The hunt for the elusive shag

Come to Antarctica, they said. Be surrounded by amazing people (some of them are ok, to be fair), learn new skills (I can now consume 180 bar of air in under 9 minutes while grumbling to myself during fire training), eat amazing food (yeah, not happened yet) and hike 80 km around the island to stocktake lentils and tinned stew in the huts. (Wait, what?).

Throw in a couple of days assisting a ranger with the monitoring of cormorants, (also known as shags - the cormorants, that is, not the rangers) on the wild west coast and, well it’s not exactly running the toasted sanga section at your local RSL.

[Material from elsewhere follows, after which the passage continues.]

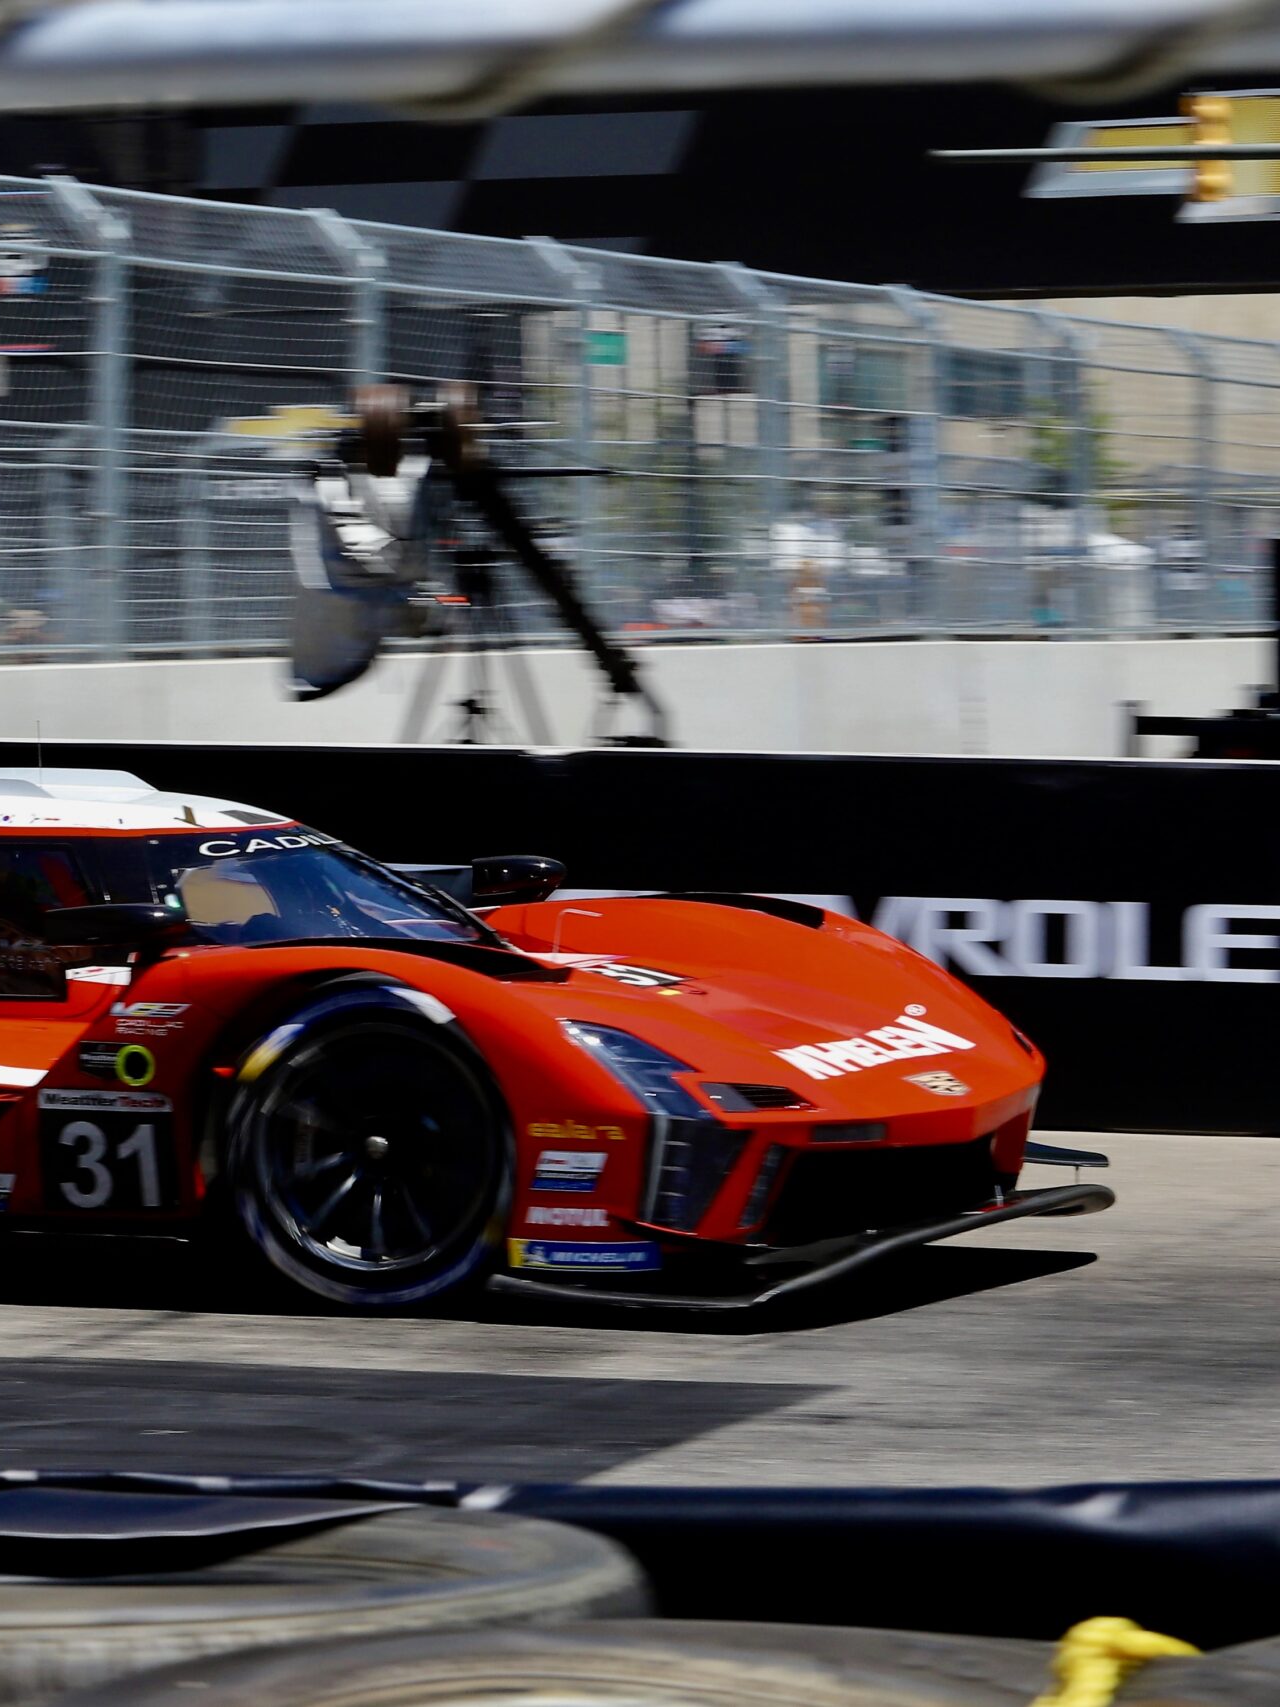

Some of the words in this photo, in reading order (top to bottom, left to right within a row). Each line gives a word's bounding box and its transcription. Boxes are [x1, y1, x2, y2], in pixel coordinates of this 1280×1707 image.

[59, 1121, 161, 1209] 31
[524, 1206, 611, 1227] MOTUL
[548, 1251, 648, 1263] MICHELIN

Setting off alone (comfortably the best way to see the island) on a cloudy, drizzly Monday I hot footed it over to Bauer Bay, where I discovered 38 tins of baked beans from around the same time Mawson last visited. After a quick lunch I continued on to Brothers Point, home of several optimistically titled sachets of Ainsley Harriot “luxury” couscous.

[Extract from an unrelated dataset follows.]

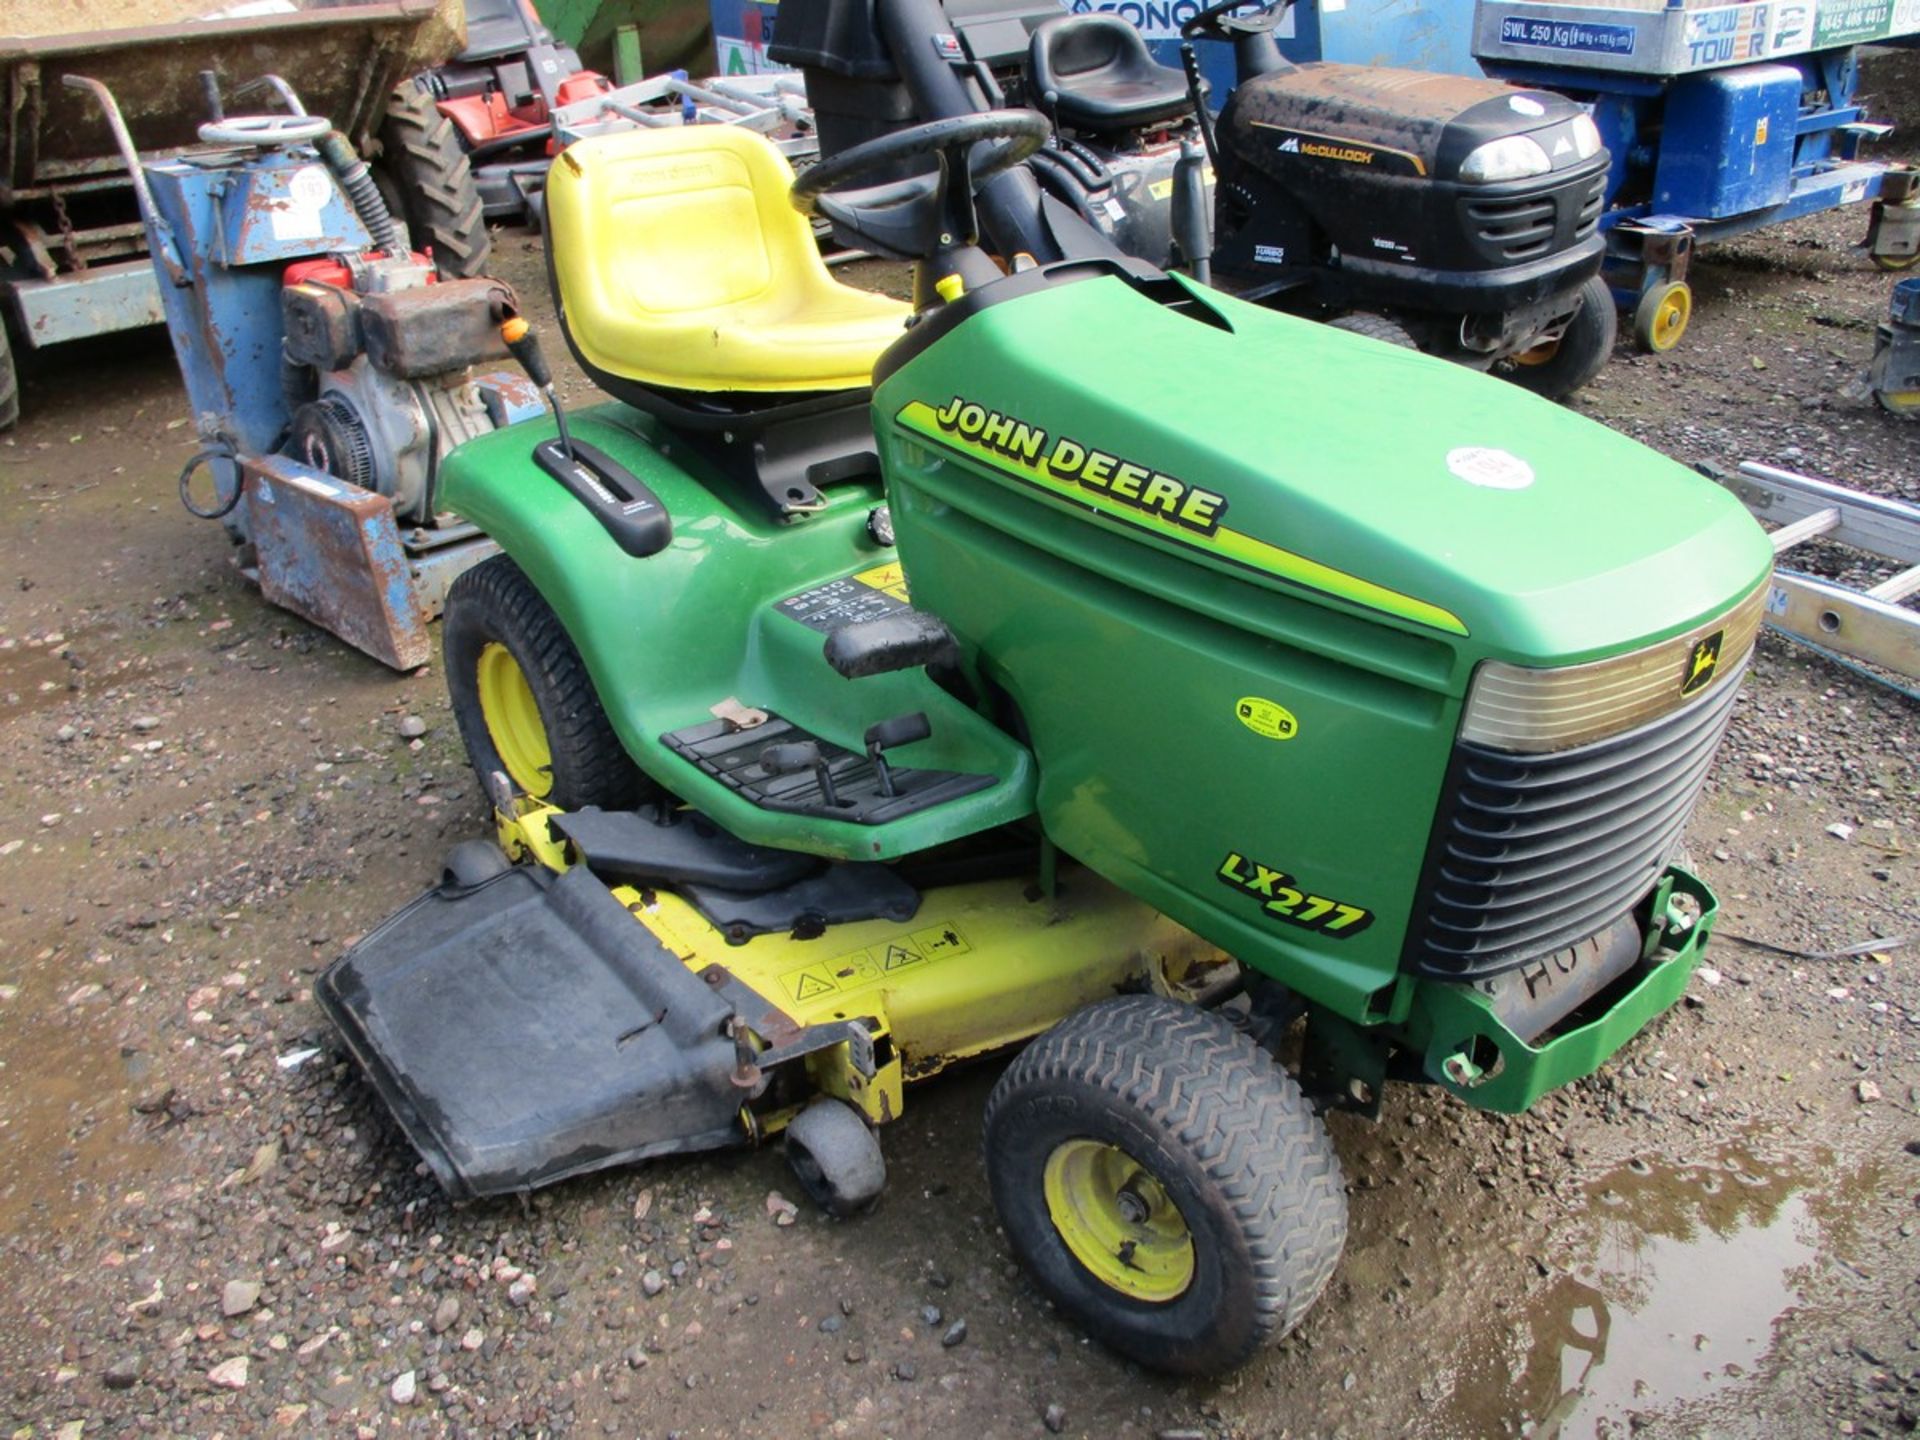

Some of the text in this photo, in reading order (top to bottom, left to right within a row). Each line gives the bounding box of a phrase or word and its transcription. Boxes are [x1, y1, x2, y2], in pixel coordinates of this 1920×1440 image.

Next morning, cursing myself for carrying 1.5 litres of red wine, 3 wedges of Jarlsberg, half a kilo of chocolate and several other vital survival items all the way to a hut which was already well stocked with 2016 vintage liquorice and milo, it was time to head to Green Gorge. A firm favourite, the Gorge, with its very own freshwater paddling pool, also known as the tarn, is the hut often used as a staging post halfway between the station in the north and Hurd Point in the south. This is probably why the cupboards were bare of sustenance. Except of course, the 14 tins of steak and kidney pie (it’s traditional, honest) and 30 kg of raw sugar.

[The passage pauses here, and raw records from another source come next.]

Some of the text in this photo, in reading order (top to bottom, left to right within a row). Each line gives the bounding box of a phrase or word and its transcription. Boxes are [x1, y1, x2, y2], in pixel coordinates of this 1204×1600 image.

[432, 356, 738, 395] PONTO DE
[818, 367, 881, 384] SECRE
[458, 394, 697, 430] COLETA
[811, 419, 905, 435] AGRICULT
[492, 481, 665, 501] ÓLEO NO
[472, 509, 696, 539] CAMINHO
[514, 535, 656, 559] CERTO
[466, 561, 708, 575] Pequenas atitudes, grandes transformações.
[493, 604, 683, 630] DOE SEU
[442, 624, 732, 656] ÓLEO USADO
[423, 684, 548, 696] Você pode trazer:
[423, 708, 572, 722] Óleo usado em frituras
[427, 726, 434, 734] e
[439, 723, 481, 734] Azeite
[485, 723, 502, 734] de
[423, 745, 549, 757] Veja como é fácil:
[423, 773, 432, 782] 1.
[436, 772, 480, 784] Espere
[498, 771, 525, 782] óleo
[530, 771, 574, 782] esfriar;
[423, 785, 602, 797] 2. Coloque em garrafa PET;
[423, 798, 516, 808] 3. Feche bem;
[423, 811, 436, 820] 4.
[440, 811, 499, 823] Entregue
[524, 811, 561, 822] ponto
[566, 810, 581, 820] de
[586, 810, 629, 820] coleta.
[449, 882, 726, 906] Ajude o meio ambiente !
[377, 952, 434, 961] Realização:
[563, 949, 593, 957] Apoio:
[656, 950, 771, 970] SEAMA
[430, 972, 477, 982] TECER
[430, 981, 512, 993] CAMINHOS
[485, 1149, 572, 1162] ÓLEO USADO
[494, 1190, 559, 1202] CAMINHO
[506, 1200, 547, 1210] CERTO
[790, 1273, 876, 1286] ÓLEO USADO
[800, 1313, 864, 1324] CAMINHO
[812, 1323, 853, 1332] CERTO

That evening also heralded the shattering of the peace as Kim the ranger arrived, and the next morning we left the safety of the track markers and went cross country to the west coast to count the Macquarie Island cormorant population. Blue eyed beauties, the cormorant, or shag, breed in several remote and windswept places in the Southern Ocean. They feed mostly on fish and marine invertebrates and are a striking bird that is sometimes overlooked on an island that has more than its fair share of stunning wildlife. Working south from Sellick Bay, stopping to overnight at Davis Point hut (home of some Timtams and noodles but not much else) we found many, many rocky outcrops and many, many smelly wallows, but not many, many cormorants. This was a tad disappointing but not unexpected as they frequently alter their breeding sites. There was however a nice group at Rockhopper Bay, where we climbed the world’s steepest, nastiest ascent to a height of 300 m. Honestly, it felt like 500 m at least.

Splitting up with Kim, I headed north in order to go south (I know, I know) and did a stocktake of Waterfall Bay and then Hurd Point. Hurd had around 40 toothbrushes in the storeroom, presumably for removing the taste of the 50-odd Fray Bentos steak and kidney pies from the mouths of anyone foolish enough to try them.

Macquarie Island is a place that always offers new experiences. I thought it would be a good idea to completely ruin my life by walking back to station in one go. It’s been done before many times but is usually the province of the more deranged type of expeditioner, like doctors and vegans. Leaving in a snowstorm, safe in the knowledge that only 80% of the island is actually uphill in every direction, I made it back to Green Gorge in a decent time of 4 hours and 20 minutes and was feeling good. Somewhat naively, I figured the second half would be pretty much the same before realising I’m actually stupid. Climbing out of fourways, about ¾ of the way home, I realised my stride was now that of a man seven times my already considerable age and all I wanted to do was lie down for a week. But I made it home and would do it again, never. A week later I was walking unaided and even smiling occasionally.

From Nick the Chef and the friendly neighbourhood Macca crew.